The fly in the ointment? She didn't realize she was squatting in a cabin owned by a local cop. Officer James Tedder is former military and been on the job for six months. His sister is now happily married to his boss (now the local sheriff) and while she's pestering James about finding someone and settling down, he's fine. I mean, he doesn't sleep much and has a touch of the PTSD, but really he's fine. So what if he keeps inexplicably driving by the family cabin with all it's good and bad memories when he's doing his local patrol. Naturally that's when he finds Charlotte squatting in the old cabin, injured from a run-in with the local baddies, and feeding him a line of BS he doesn't buy for a minute.
We all know what happens next - Charlotte eventually spills the truth of why she was squatting on his land, and after a debrief with his brother-in-law, these two are now partners working to find evidence to bust the child-trafficking ring.
Intrigue books are short (around 250 pages) which can make them very fast-paced, but brain-bending whodunits are harder to pull off. That's why so many of them lean more on the thriller end of the mystery genre. There's not a lot of mystery here - the reader knows there's a child-trafficking ring and we know that Charlotte knows that the couple who owns the house are likely the masterminds. It's the finding and rescuing of the victims that keeps the story humming along.

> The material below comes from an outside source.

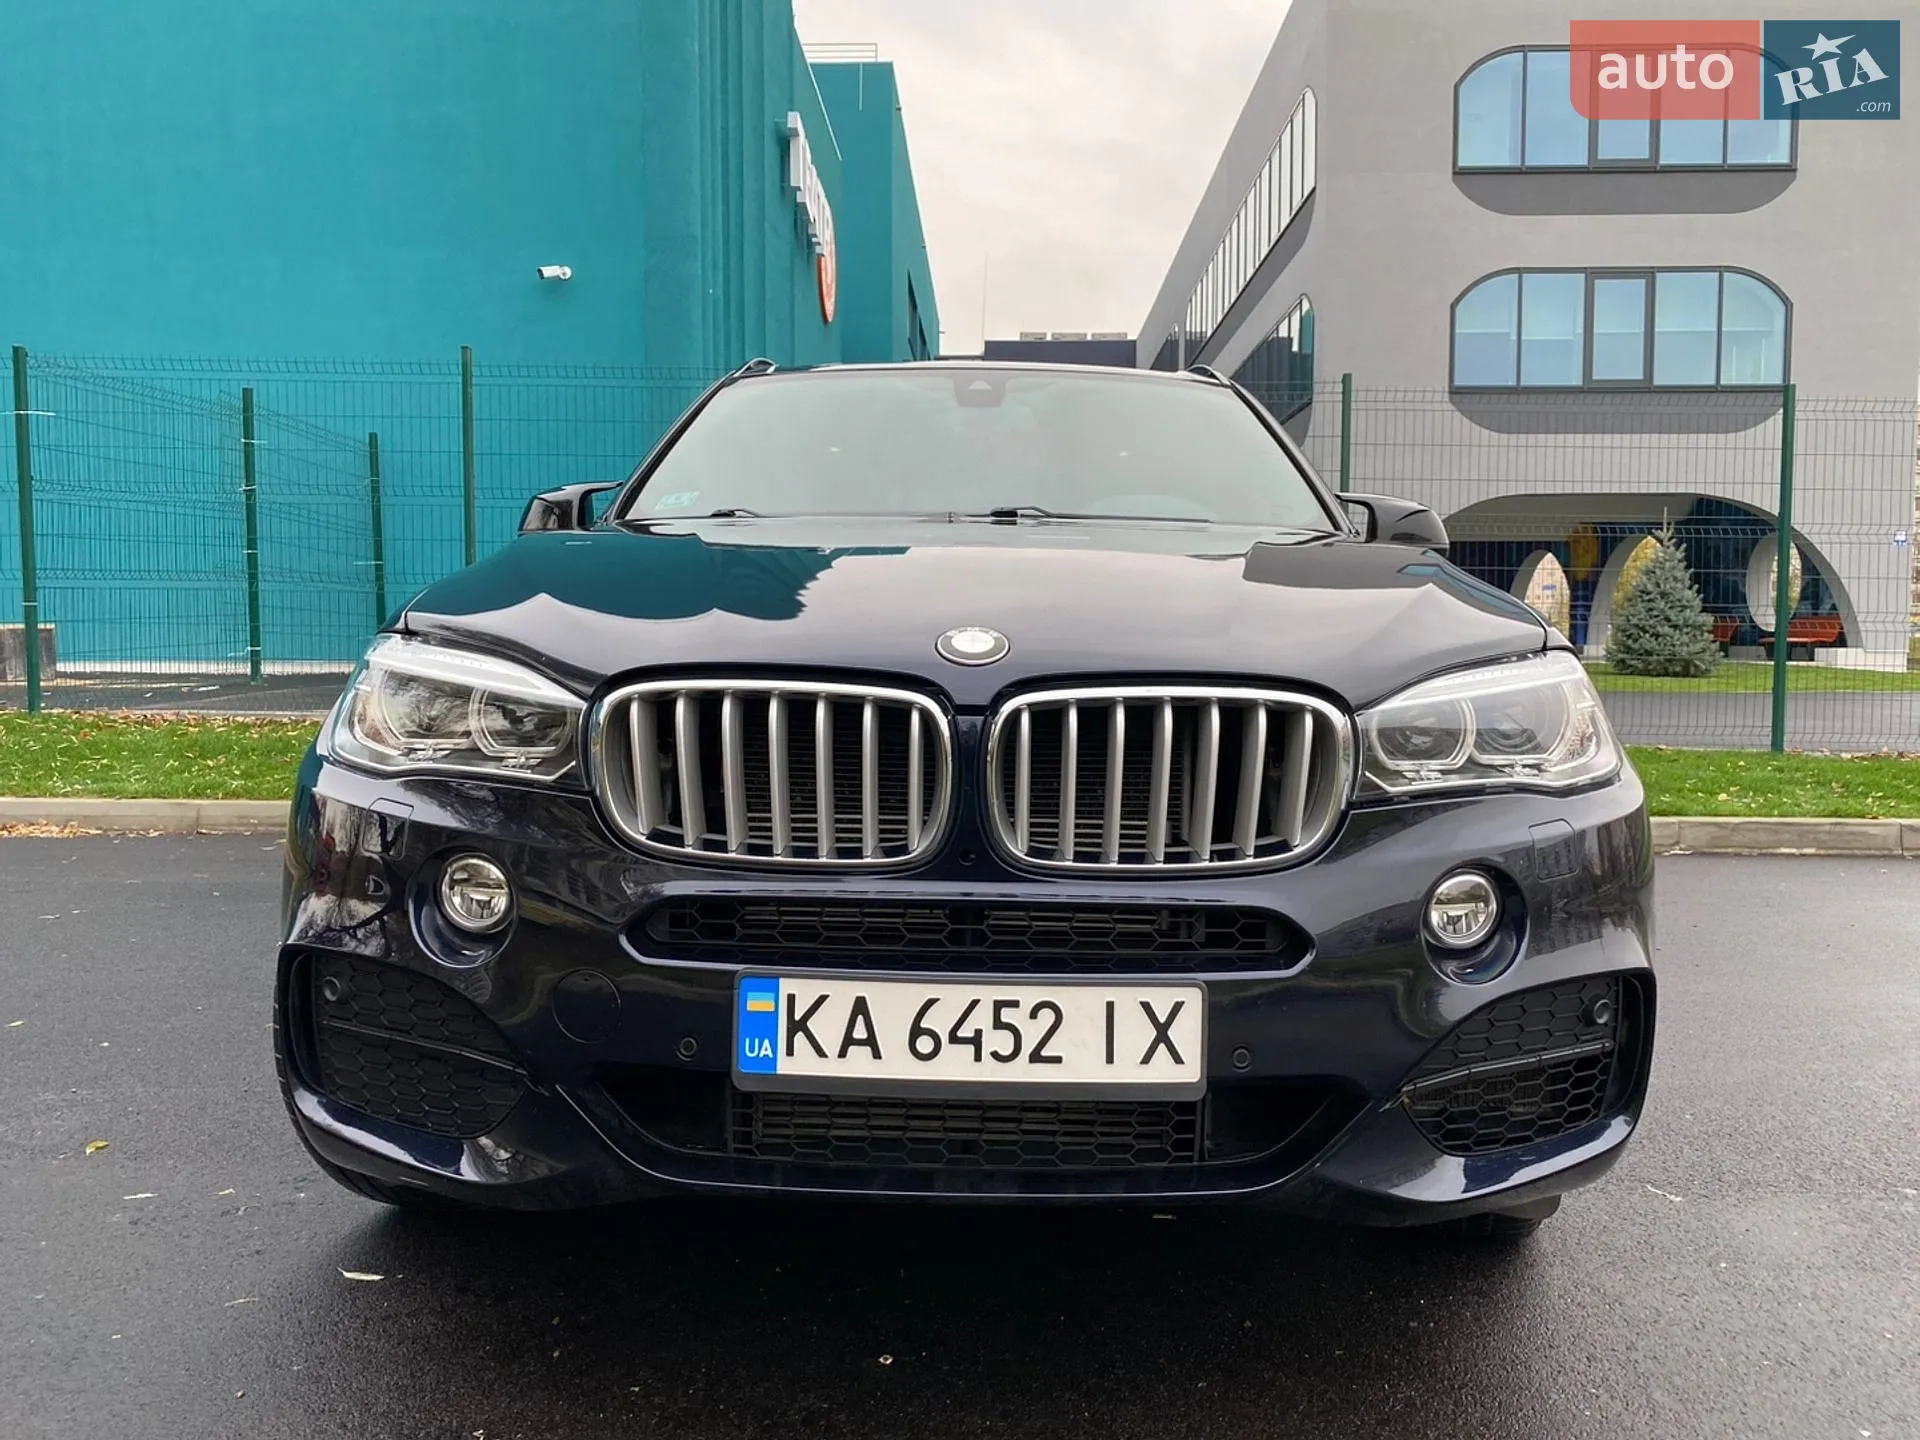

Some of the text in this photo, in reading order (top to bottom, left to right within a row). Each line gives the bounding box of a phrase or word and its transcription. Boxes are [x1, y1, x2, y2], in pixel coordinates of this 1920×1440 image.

[744, 1037, 774, 1059] UA
[785, 993, 1187, 1066] KA 6452 IX
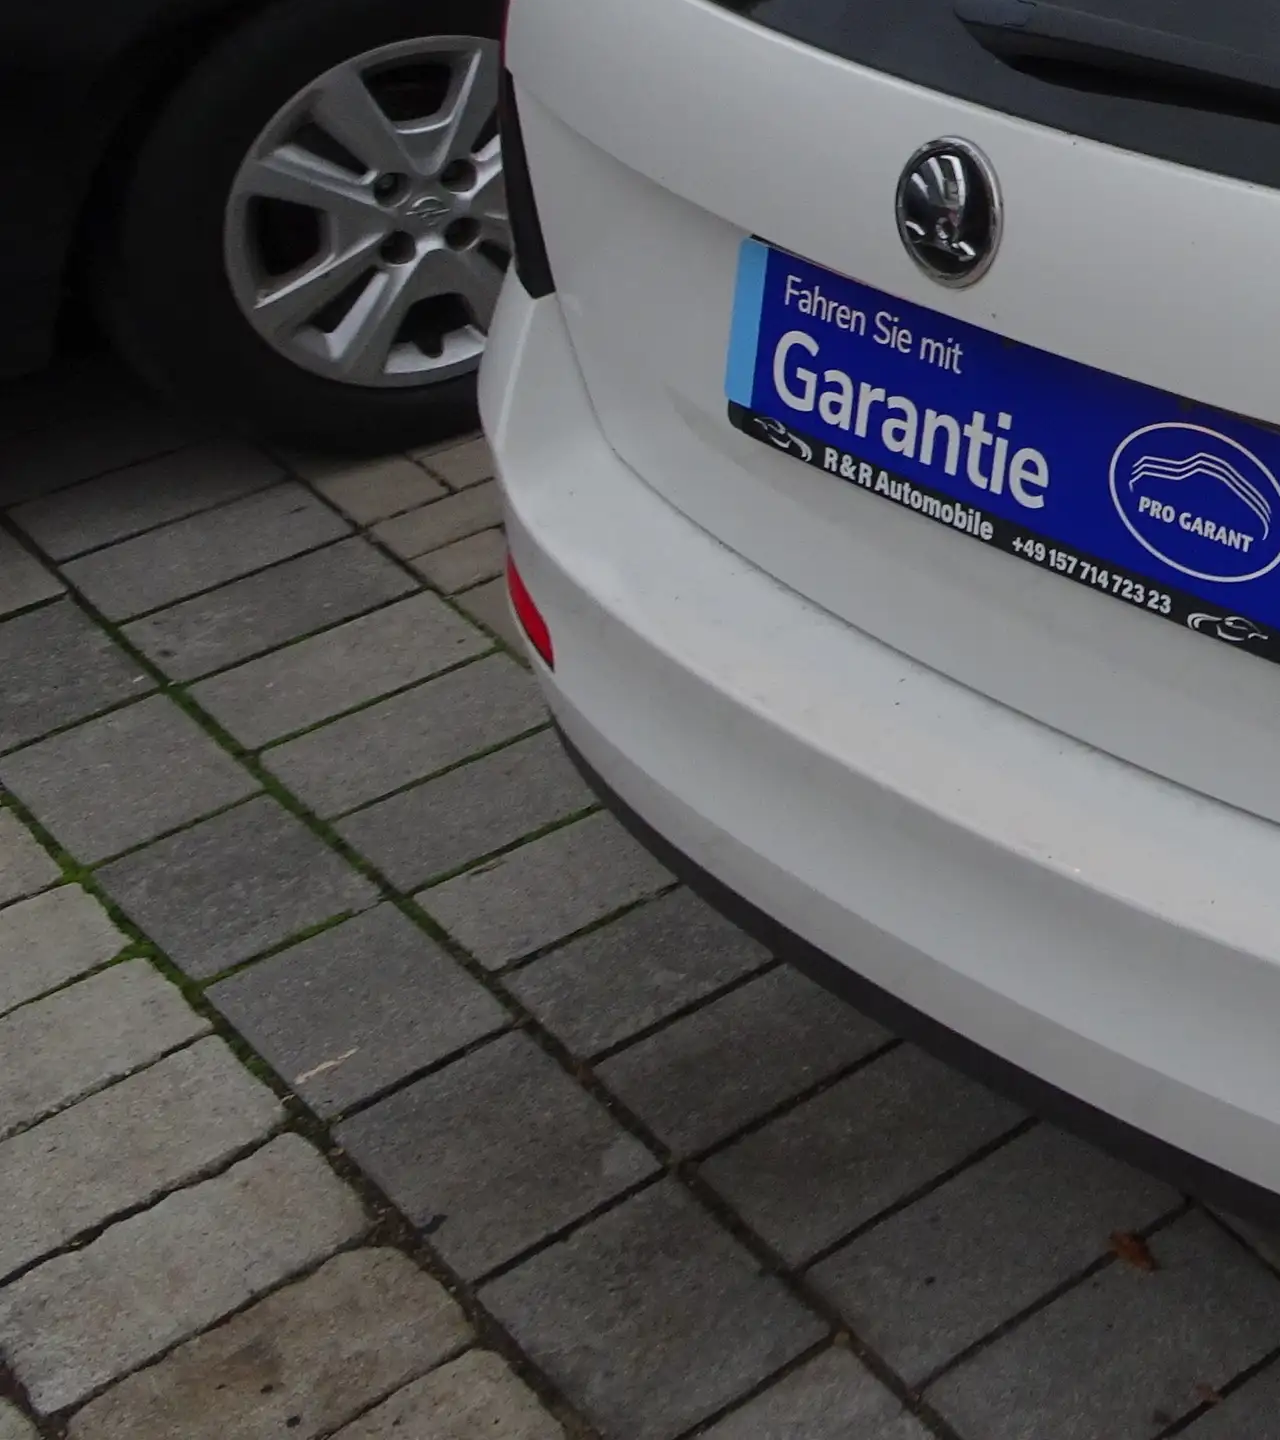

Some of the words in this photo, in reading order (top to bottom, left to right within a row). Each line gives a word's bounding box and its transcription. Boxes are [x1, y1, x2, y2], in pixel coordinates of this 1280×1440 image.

The problem here is that it's not terribly exciting when the bad guys are so amazingly inept. I mean, bare minimum all they had to do was lay low and not cause a fuss. Instead the hired goons are doing things like openly firing on police officers in patrol cars, running them off the road, and sending threatening messages. And here's the thing - Charlotte has nothing. I mean, less than nothing. All she's got is witness testimony from a girl who escaped but has since vanished into the wind. Like, she's gone. Then of course you have our masterminds who decide to hold a fundraiser for the Lavender Mountain Sheriff's department very close to their home (the gated community clubhouse!) when they know Charlotte and James are poking around and will be at said fundraiser. And conveniently these geniuses decide to not move the girls. It's all pretty thin.
The romance here is fine. Charlotte did get on my nerves a fair amount - one of those I'm Tough and Strong and Can Take Care of Myself types. A little of her went a long way for me, but she never crossed a line for me where I would have happily throttled her, so that's something I guess. James was OK. A decent guy just trying to do right by his community yada yada yada.
I continued to enjoy the northern Georgia Appalachian setting, although I felt like this was better drawn and utilized in the first book. Also, the Tedder family is viewed through a white-trash hillbilly lens by most everyone in town - and it makes sense that now sister Lilah is married to the respected town sheriff that this would be toned down somewhat, but I gotta be honest and say I missed that aspect in this story. But then I'm a sucker for "wrong side of the tracks" type characters.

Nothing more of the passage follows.